16. The computing system of claim 9, wherein the operations further comprise adjusting a weight of a mud in a well based at least in part on the simulating, wherein the simulating is configured to predict a pore pressure, a fracture gradient, or both in a rock formation.
17. A non-transitory computer-readable medium storing instructions that, when executed by one or more processors of a computing system, cause the computing system to perform operations, the operations comprising:
receiving one or more input parameters and one or more simulation realizations representing a subterranean volume;
modeling the one or more simulation realizations as a target function of the one or more input parameters;
training a machine-learning model to predict values for the target function using the one or more input parameters and the one or more simulation realizations;
predicting a value for the target function based on a first candidate simulation or a first candidate output parameter of a simulation;
selecting the first candidate simulation, the first candidate output parameter, or both based on the predicted value of the target function; and
simulating the subterranean volume using the first candidate simulation, the first candidate output parameter, or both.

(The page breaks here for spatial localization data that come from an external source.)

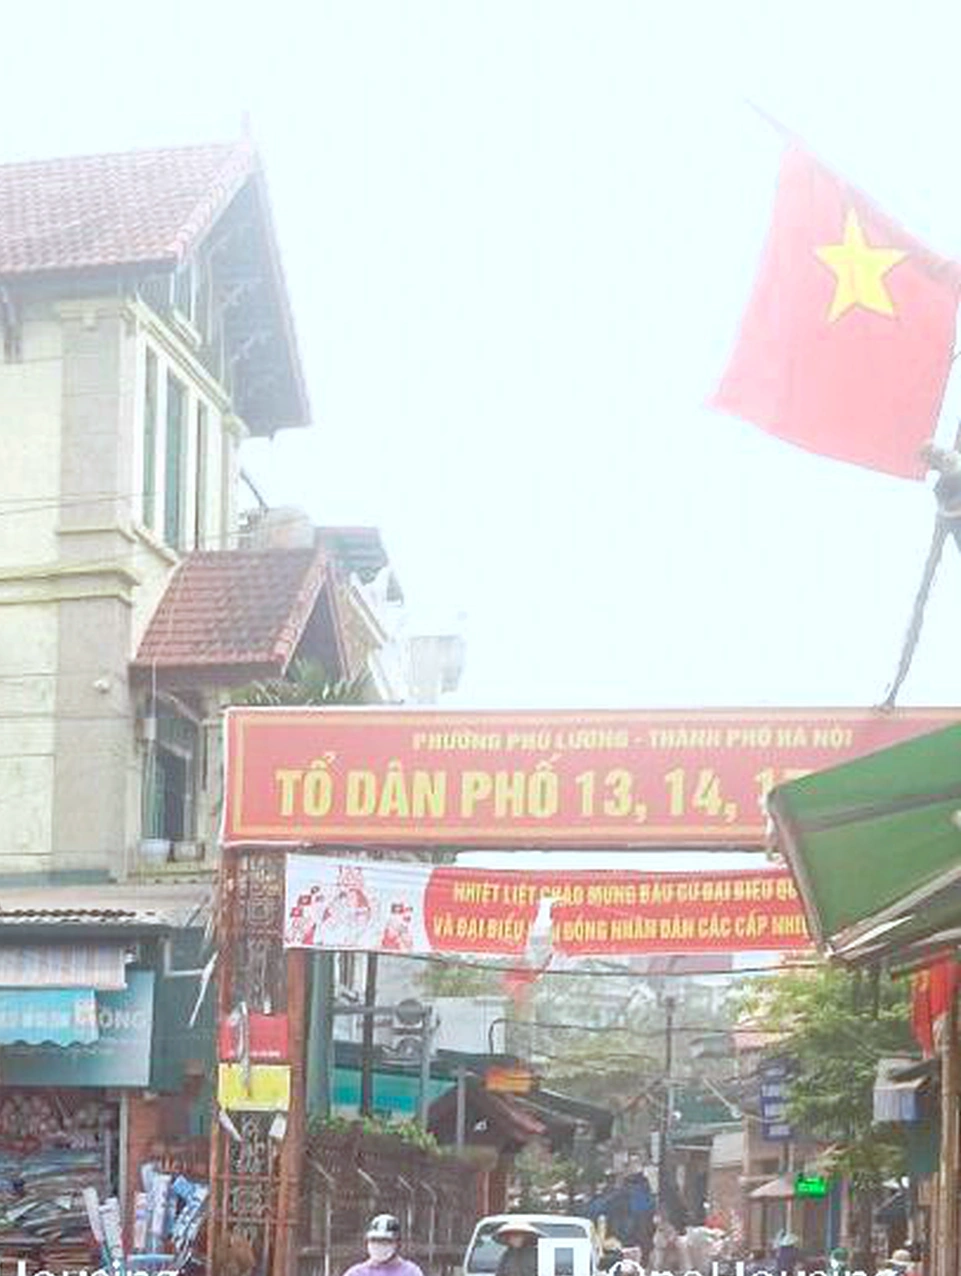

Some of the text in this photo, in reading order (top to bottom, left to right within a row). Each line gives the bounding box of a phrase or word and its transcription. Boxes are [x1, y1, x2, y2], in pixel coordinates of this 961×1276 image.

[275, 751, 336, 817] TỔ
[345, 758, 447, 818] DÂN
[460, 751, 562, 818] PHỐ
[575, 769, 647, 823] 13,
[664, 767, 737, 823] 14,

18. The medium of claim 17, wherein the operations further comprise:
predicting a second value for the target function based on at least one of a second candidate simulation or a second candidate output parameter; and
determining not to simulate the subterranean volume using the second candidate simulation, the second candidate output parameter, or both based on the second value of the target function.
19. The medium of claim 17, wherein selecting the first candidate simulation, the first candidate output parameter, or both is based on the first candidate simulation or the first candidate output parameter minimizing the first value of the target function.
20. The medium of claim 17, wherein simulation the subterranean volume comprises simulating the subterranean volume using an ensemble of different realizations including the selected first candidate simulation.